Studies were judged on whether or not they employed an appropriate sampling method to discount selection bias, such as random sampling. Both the source and the method of sampling were considered in this assessment. Samples that were not likely to be representative of the wider population were given a lower rating than samples that provided the opportunity for a more representative sample to be selected.
2) Random variation/chance
Sample size calculation
Studies that reported a sample size calculation and the target population was reached were judged to be low risk with regards to random variation/chance.
3) Detection bias
Validity of adherence measures
In assessing the validity of adherence measures I considered the methods of measuring adherence to a GFD. Serological testing and
intestinal biopsy were considered to be valid measures, whereas self- reporting, interview or assessment by a healthcare professional (based on the patient’s self-reporting) were considered not to be valid measures of adherence.

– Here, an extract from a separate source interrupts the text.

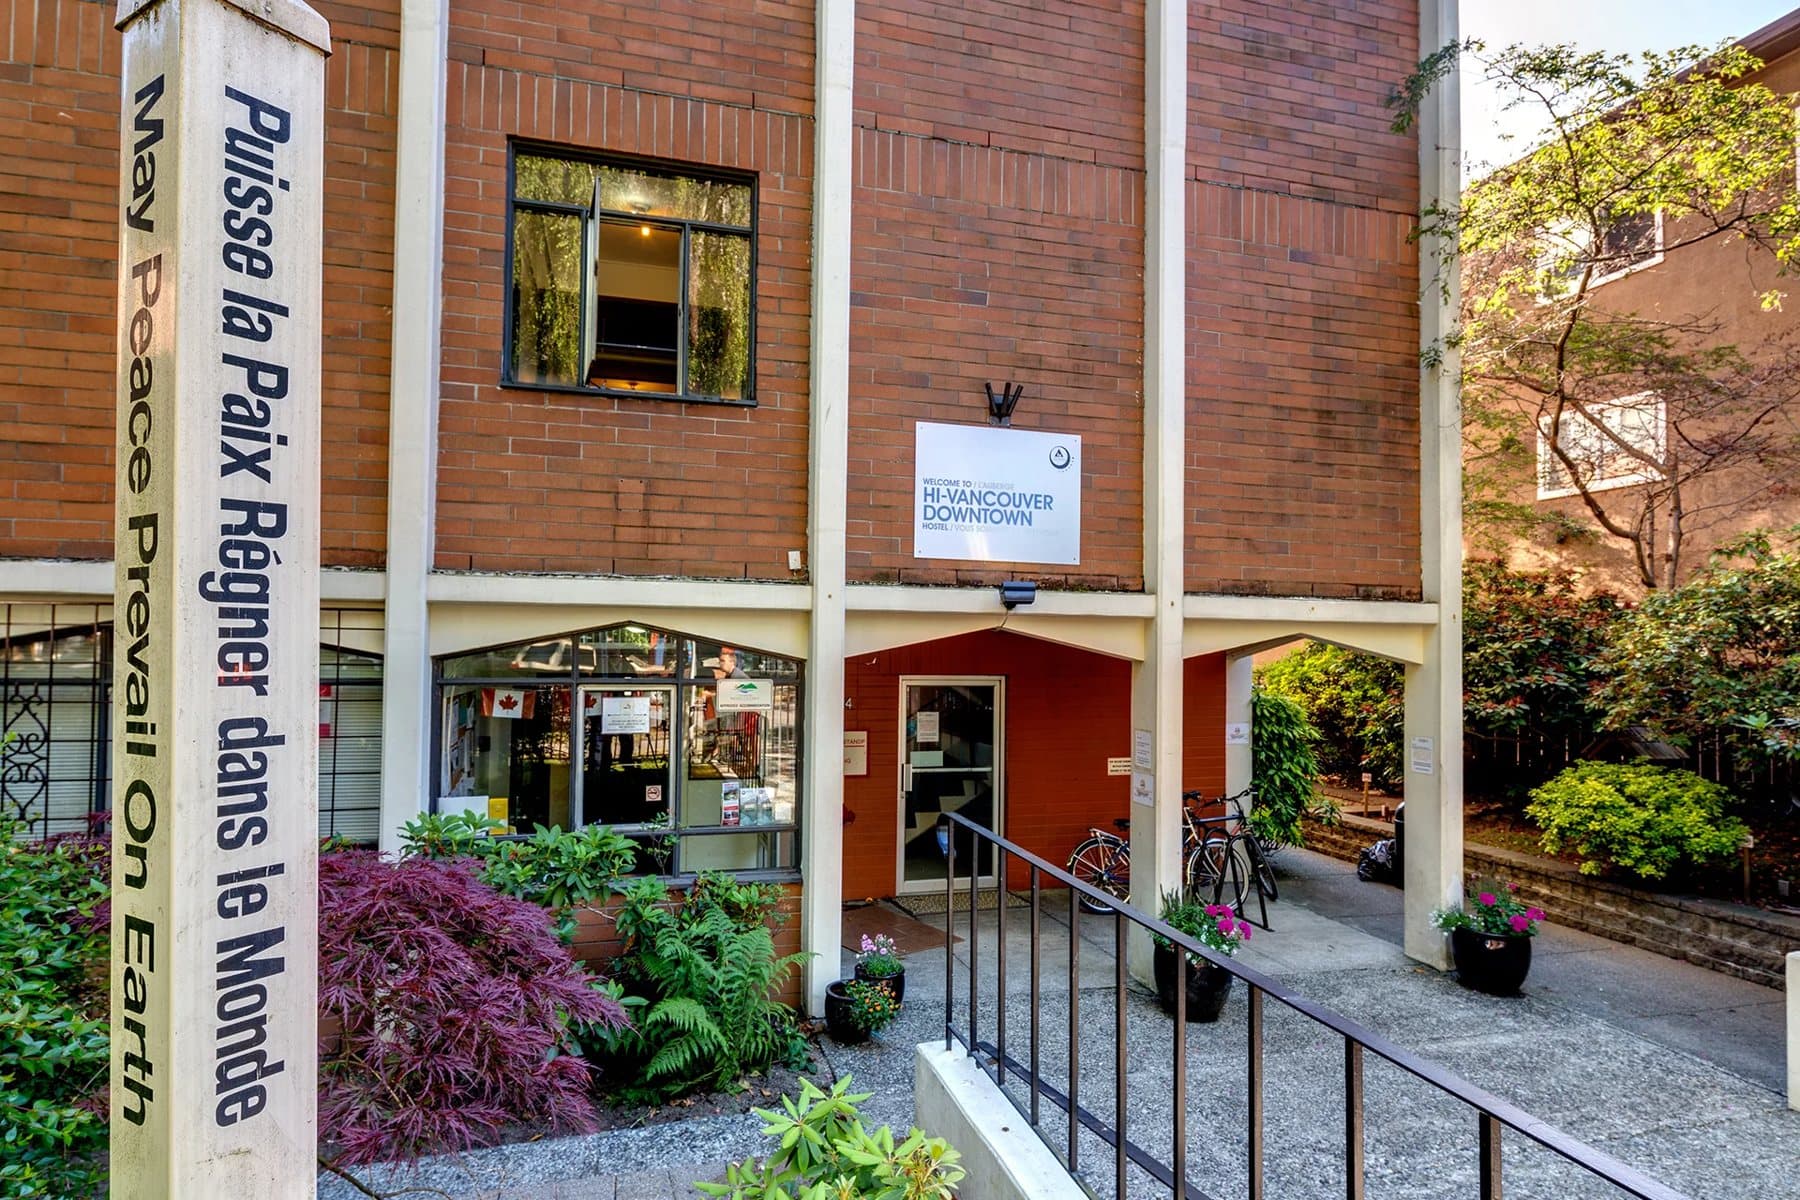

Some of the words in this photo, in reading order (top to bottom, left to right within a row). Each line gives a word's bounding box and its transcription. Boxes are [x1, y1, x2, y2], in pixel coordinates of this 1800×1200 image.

Was follow-up the same for cases and controls (where applicable)? Were appropriate measures taken at follow-up?
4) Attrition bias
Loss to follow up
Participants who are lost to follow-up (where applicable) can lead to bias in the results and this can compromise the validity of the results. Participants who drop out of a study may differ in some way to those who continue to participate. Studies that showed a high loss to follow-up were rated as having a high risk of attrition bias.
5) Reporting bias
Appropriateness of analysis
Reporting bias was judged based upon whether the authors used an appropriate method of analysing the data. I also considered whether significance was likely to be a result of chance and whether missing data was dealt with appropriately.